Dopodiché cosa succede? Che in commissione tutto si ferma, e quel provvedimento che doveva modificare le regole del commissariamento straordinario, consentendo di riportare la sanità campana (e quella calabrese) sotto la responsabilità politica del governatore, viene sospeso. Chi se la sente infatti di difendere De Luca, mentre il tribunale dei Cinquestelle ne chiede l’arresto per voto di scambio? Non parlano già di schifezza ed abominio (come se la gestione commissariale di questi anni avesse regalato servizi migliori in qualità e quantità)? È chiaro che ora la materia scotta, ed è perlomeno inopportuno, politicamente parlando, mettersi per questa strada. A pochi giorni dal voto referendario, era difficile sfuggire a questa considerazione. Così anche il ministero della Salute ha cominciato a frenare. E addio emendamento.

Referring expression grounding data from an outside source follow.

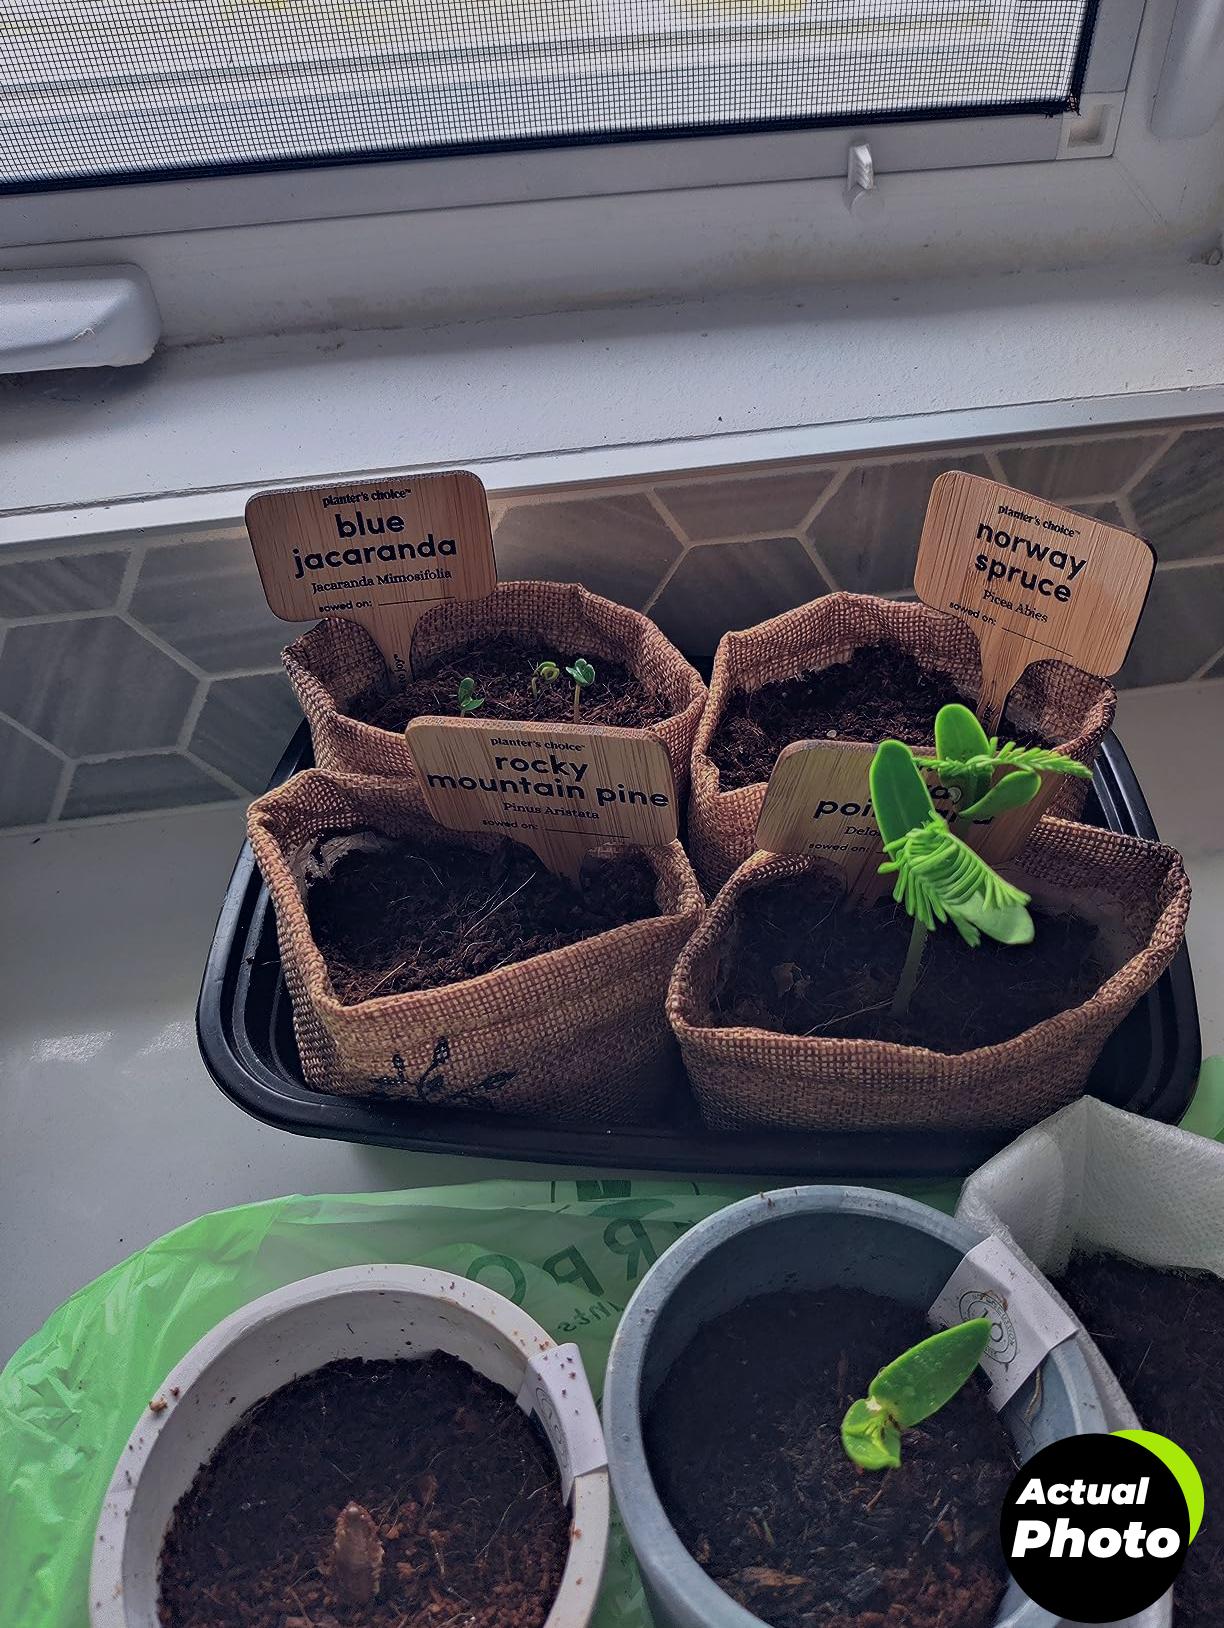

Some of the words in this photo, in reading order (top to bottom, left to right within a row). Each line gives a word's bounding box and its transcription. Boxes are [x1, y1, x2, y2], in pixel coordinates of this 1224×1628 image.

[322, 491, 369, 508] planter's
[335, 511, 405, 538] blue
[998, 505, 1040, 526] planter's
[292, 534, 457, 579] jacaranda
[976, 523, 1087, 580] norway
[311, 576, 375, 594] Jacaranda
[376, 569, 452, 585] Mimosifolia
[975, 554, 1071, 602] spruce
[319, 601, 353, 612] sowed
[356, 600, 372, 608] on:
[949, 602, 980, 618] sowed
[981, 614, 997, 625] on:
[982, 589, 1013, 611] Picea
[1015, 604, 1048, 623] Abies
[490, 738, 541, 748] planter's
[495, 754, 588, 782] rocky
[427, 774, 585, 799] mountain
[596, 784, 669, 807] pine
[502, 802, 541, 814] Pinus
[544, 806, 599, 819] Aristata
[483, 820, 518, 828] sowed
[809, 843, 848, 851] sowed

Ora che quel che succederà dopo il 4 dicembre nessuno lo sa. Bisogna spiegarlo però ai cittadini campani. E spiegarlo bene, perché la sanità è la gran parte del bilancio regionale, oltre ad essere insieme al lavoro, in cima alla preoccupazione delle persone. Senza l’emendamento, la sanità continua a rimanere al di fuori della conduzione del governo regionale. Ospedali, farmaci, prestazioni: tutto. In un Paese civile, questo non accadrebbe se non in via del tutto eccezionale, e per un tempo molto limitato. In un Paese civile, ci si dovrebbe preoccupare piuttosto di come fare perché i politici rispondano del loro operato dinanzi alla pubblica opinione e, in occasione del voto, all’elettorato. Nel nostro Paese, invece, si risponde a Luigi Di Maio.